Trying to train two dogs while walking is a very difficult task, as you've seen, since the whole mentality of the dogs change when there is a "pack."

To train your bad girl, you needn't go for 1 hour walks, in fact she should not go on real walks at all as long as she misbehaves since taking her out is rewarding her for this behavior.
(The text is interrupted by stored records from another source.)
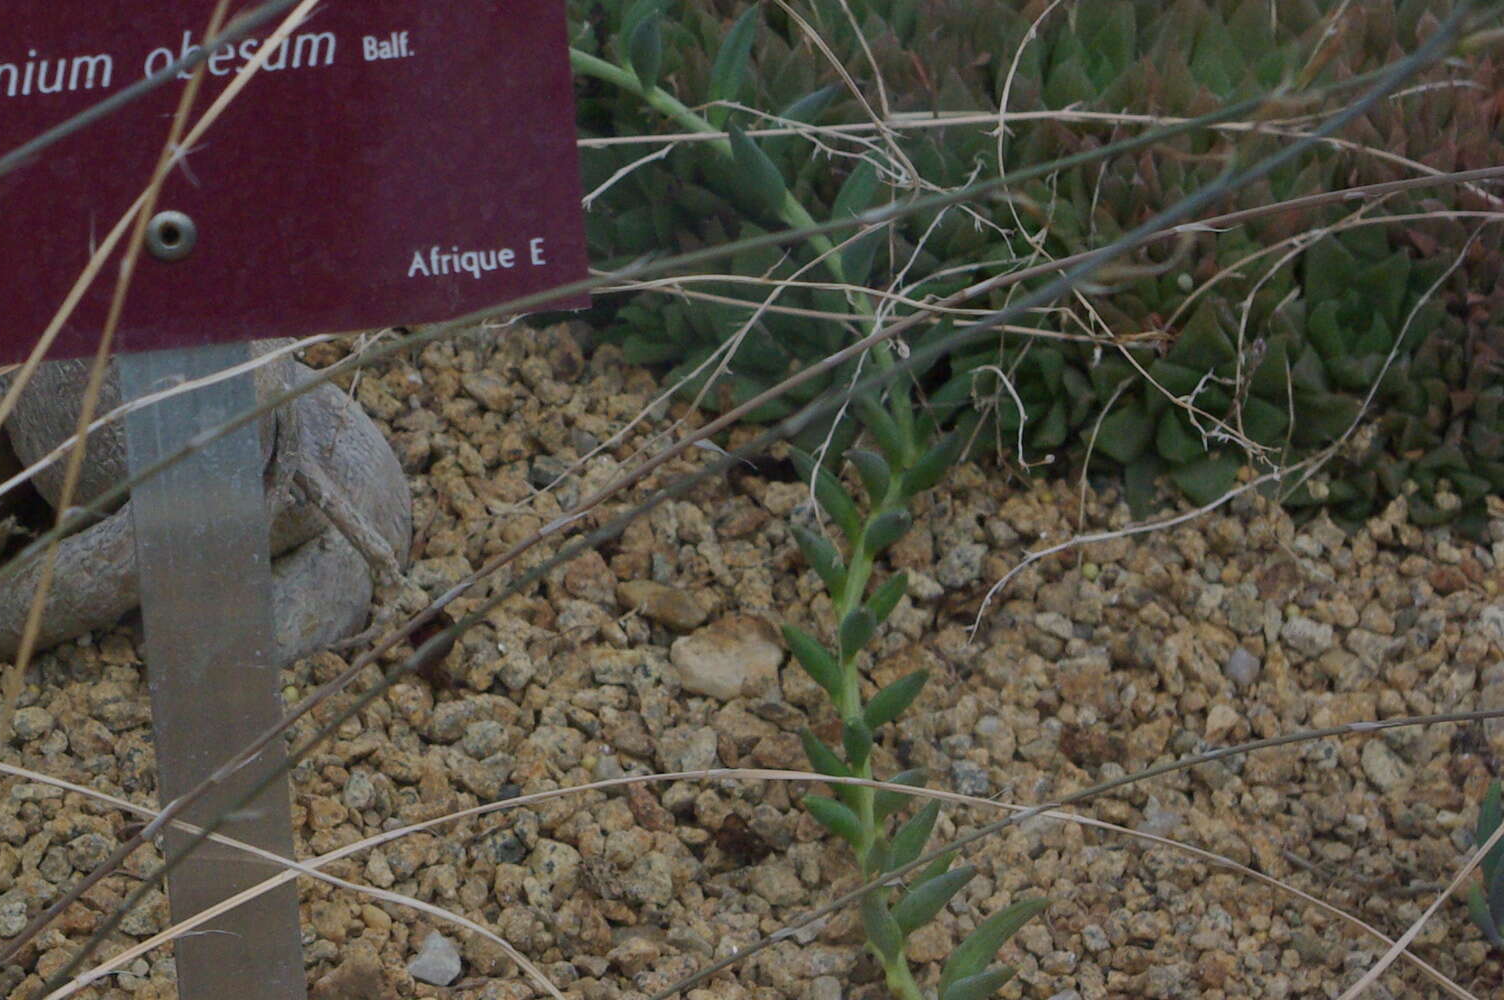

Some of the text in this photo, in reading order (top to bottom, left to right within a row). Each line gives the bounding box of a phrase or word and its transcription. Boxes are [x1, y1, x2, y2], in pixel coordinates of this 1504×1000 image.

[362, 31, 415, 62] Balf.
[407, 237, 547, 280] Afrique E
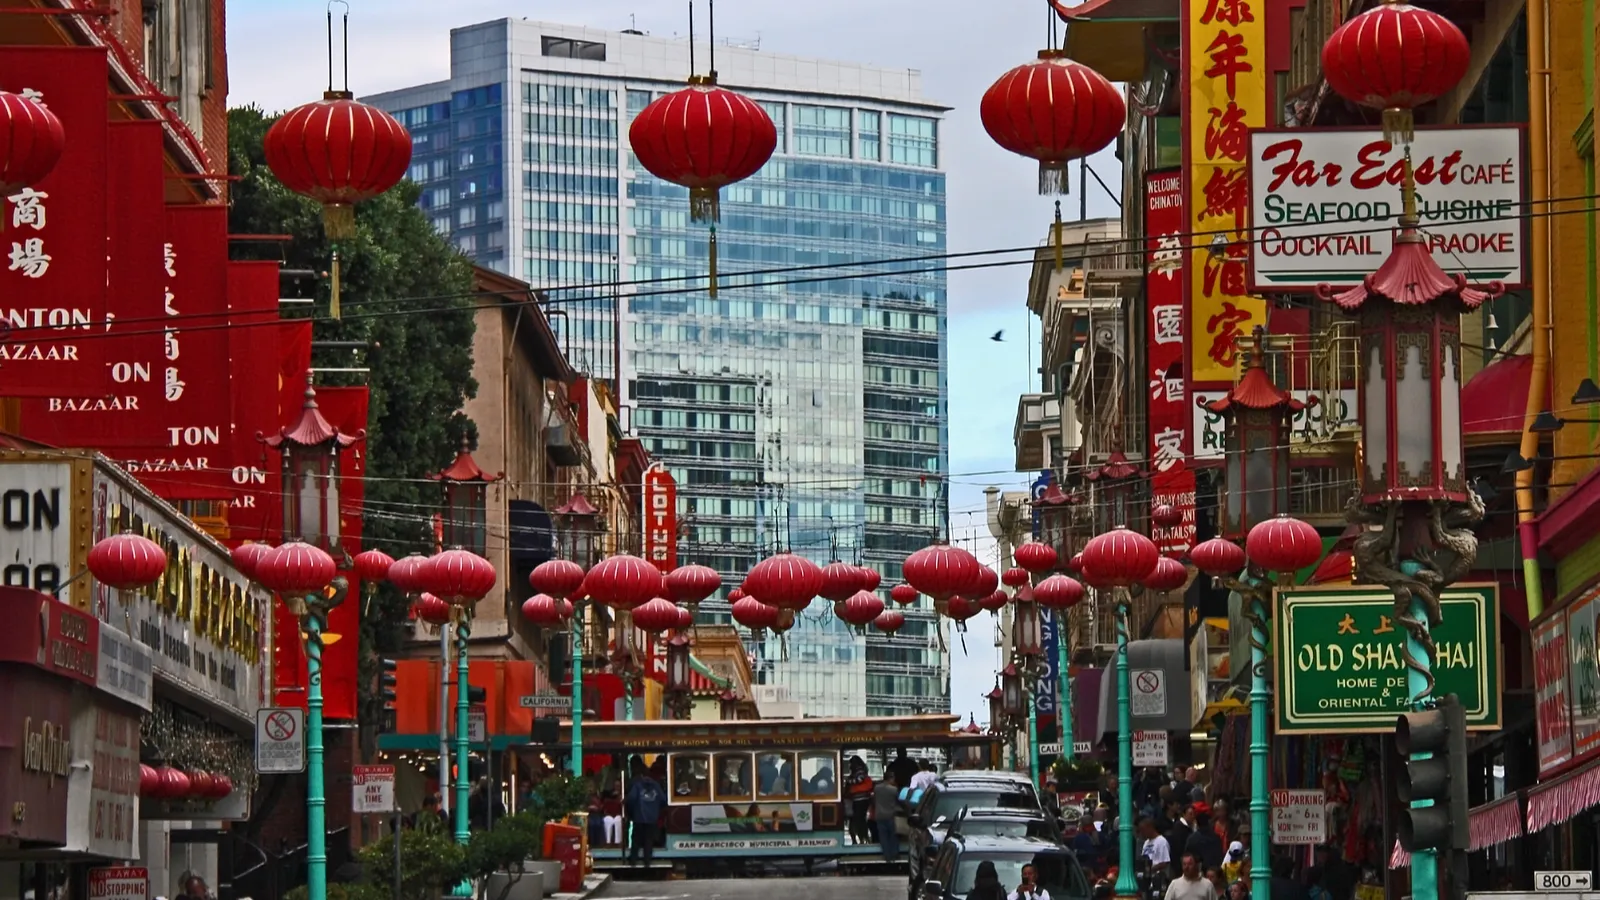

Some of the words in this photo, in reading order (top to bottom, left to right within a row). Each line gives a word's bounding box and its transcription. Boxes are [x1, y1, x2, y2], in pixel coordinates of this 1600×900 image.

[1262, 139, 1341, 192] Far
[1350, 140, 1463, 189] East
[1460, 158, 1515, 185] CAFÉ
[1147, 177, 1180, 194] WELCOME
[1260, 227, 1382, 256] COCKTAIL
[0, 308, 91, 331] NTON
[49, 396, 139, 412] BAZAAR
[167, 425, 219, 446] TON
[127, 457, 209, 473] BAZAAR
[232, 466, 266, 484] ON
[1298, 643, 1343, 672] OLD
[1352, 641, 1474, 671] SHAHAI
[1337, 677, 1377, 688] HOME
[1381, 687, 1390, 698] &
[1318, 697, 1387, 709] ORIENTAL
[366, 785, 382, 794] ANY
[365, 795, 383, 805] TIME
[1273, 791, 1288, 806] NO
[1289, 794, 1323, 806] PARKING
[90, 880, 105, 897] NO
[106, 882, 145, 896] STOPPING
[1542, 874, 1572, 888] 800
I suggest obedience classes, to teach you how to train her. If that's not possible, then I suggest a prong collar to assist with your training. Get instruction on how to use it properly. It could make a huge difference!

SnowDancer
December 10th, 2005, 10:26 AM
Kindred spirit to my 22 lb. Eskimo with the strength of a really big Rotti. I have tried every training method possible - bottom line is he loves to chew his leash - will happily sit there and chew away. Sometimes he does it for fun and when he wants to play - uses me as a post as he runs in circles - he is never off leash with me. And he too has pulled me into the road. We are now on leash #17 (#13 is leather - won't let my husband use it and well most of chewing is done with him - but Eskie somehow senses not to do it). Hope you have better success than I have had - my pup is now 20 months. And, yes, he does understand he isn't supposed to chew the leash - and other things - Hoover that he is - he just can't resist - like a kid - or frankly and adult - who can't keep away from some treat that he/she has been told to specifically leave alone.

mummummum
December 10th, 2005, 10:42 AM
My grrrrls are 6 yr old Bernese Mtn Dog, Belgian Shep, Golden Retriever crosses and my new boy is a Newf/ Border Collie cross. Thanks for the encouragement! I have been very, very lax about concentrated training for her ALONE and her leash-pulling - her sister is almost always with her on walks and is The Bossy Cow. I guess I hoped she would grow out of it as she has some of her other undesirable traits and pick-up on / generalize the rewards (treats, praise) when is a "good walking grrrl". She just seems so single-minded when she wants to do this, it's like she can't get out of this aggressive mind-set until I physically intervene. I can't figure out what the "reward" in it is for her as it always ends badly either between her and her sister or her and me or her, her sister and me. Luckily - she doesn't chew the leash - just grabs and pulllllls. I think you are right about the solo walking and training. Who needs sleep anyway?:crazy:

Melinda
December 10th, 2005, 10:47 AM
have you tried using a metal chain leash?? Dogs hate grabbing those, my pup lab/shepherd grabs her leash all the time during walks, unless I use the metal leash.

mummummum
December 10th, 2005, 11:26 AM
Not regularly, we've borrowed one on a visit occasionally but, I haven't used a chain leash at home - I was afraid she would get a tooth caught (while beautiful she is not alas, MENSA-material). Anything is worth a go - next paycheque ! Thanks for the suggestion.

Lucky Rescue
December 10th, 2005, 11:43 AM
A chain leash might be fine for dogs who don't pull, or who are small, but if you need to reel your big girl in, your hands are going to take a severe beating!

jawert1
December 10th, 2005, 08:34 PM
I've actually used an old lead rope with a longer length of chain - my horse was a 17.3 Warmblood with a slight temper - to start training with Peaches since she did the same thing. And she wasn't Mensa material either (I died laughing at that!). Since the chain was long, but still had nylon lead material attached, my hands didn't get brutalized at all and after rubbing the chain with bitter apple, she stopped that fast. Now if there's a bunny around, nothing's gonna stop her from taking me across the golf course - if not her, then my pointer, but most places like PetSmart will have horse equipment and I found it to be an alternative to the prong collar and she didn't like chewing on em after that :) Good luck!